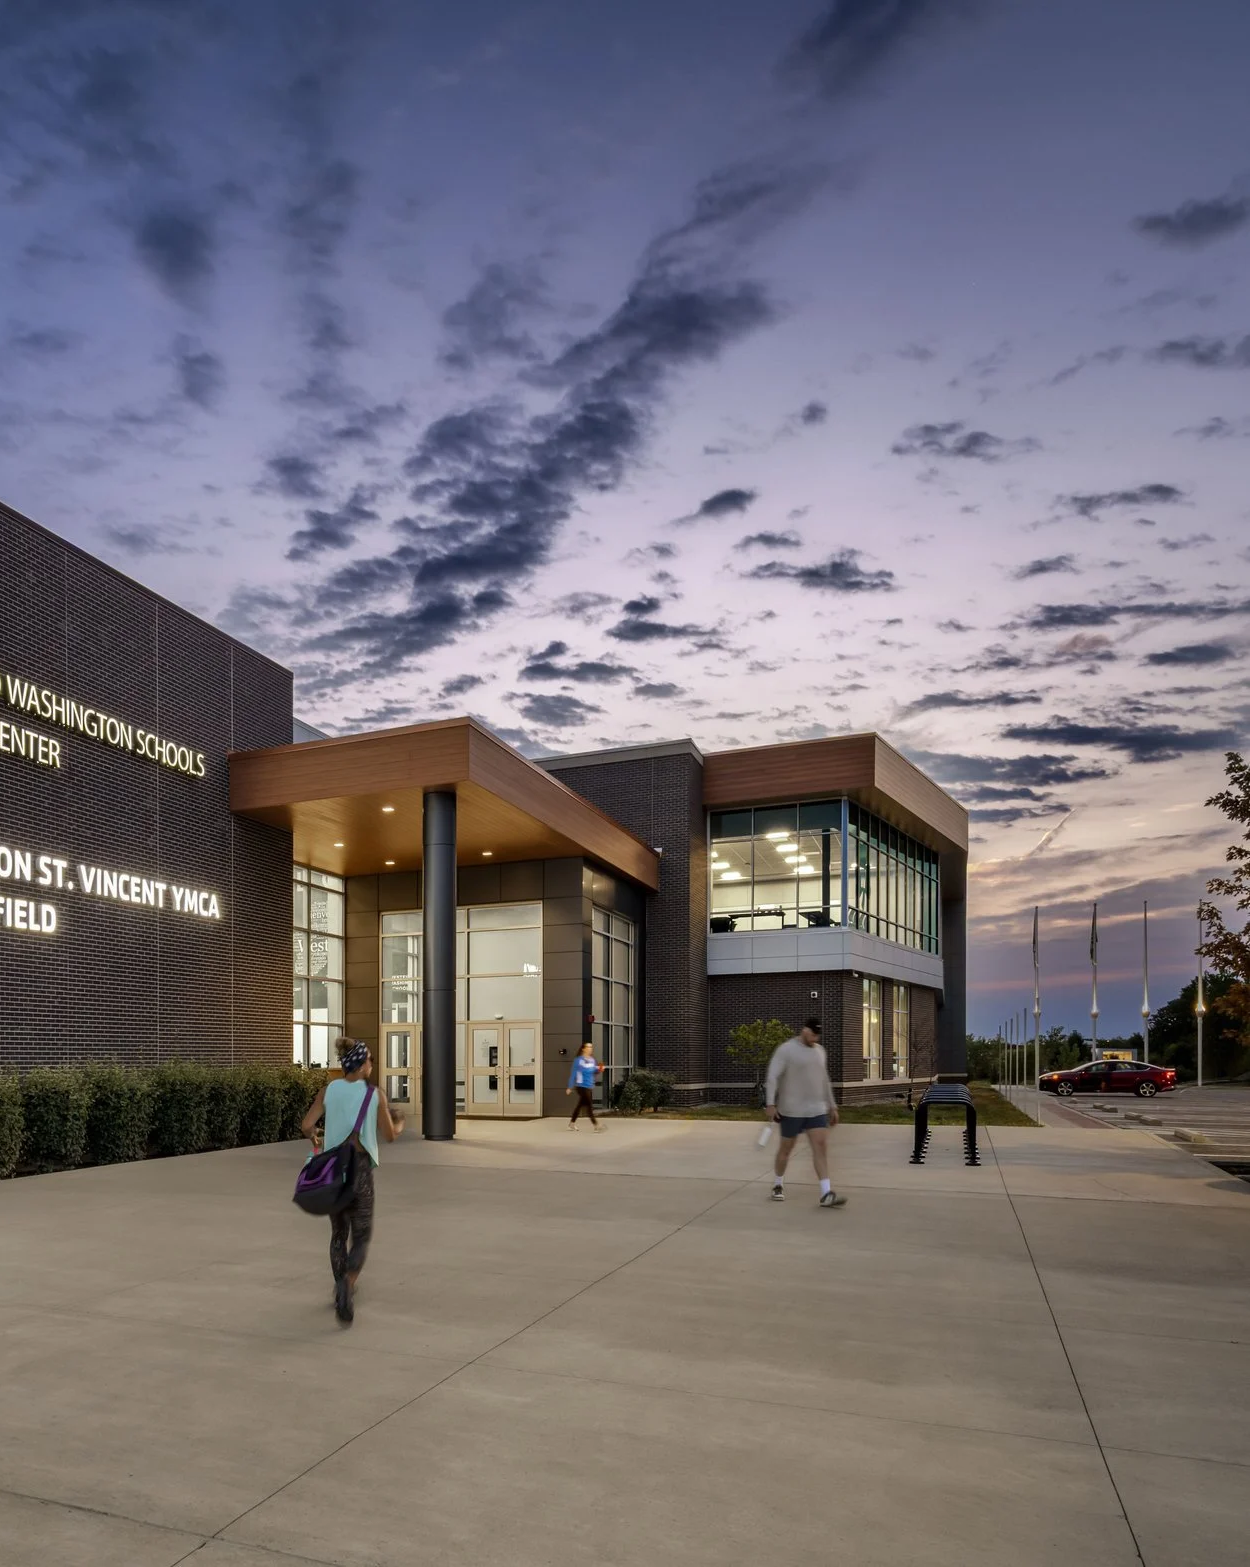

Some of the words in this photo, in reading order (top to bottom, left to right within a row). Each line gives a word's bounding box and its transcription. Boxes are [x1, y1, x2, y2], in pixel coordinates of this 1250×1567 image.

[6, 674, 133, 750] WASHINGTON
[136, 729, 205, 777] SCHOOLS
[36, 856, 74, 890] ST.
[77, 864, 167, 908] VINCENT
[171, 885, 220, 919] YMCA

⁂

▶ _Work instruction_
Could you restate every record above word for word, dropping the pictures?

▶ _Answer to this exercise_
Some of the words in this photo, in reading order (top to bottom, left to right within a row). Each line gives a word's bounding box and its transcription. Boxes are [x1, y1, x2, y2], in pixel coordinates of this 1250×1567 image.

[6, 674, 133, 750] WASHINGTON
[136, 729, 205, 777] SCHOOLS
[36, 856, 74, 890] ST.
[77, 864, 167, 908] VINCENT
[171, 885, 220, 919] YMCA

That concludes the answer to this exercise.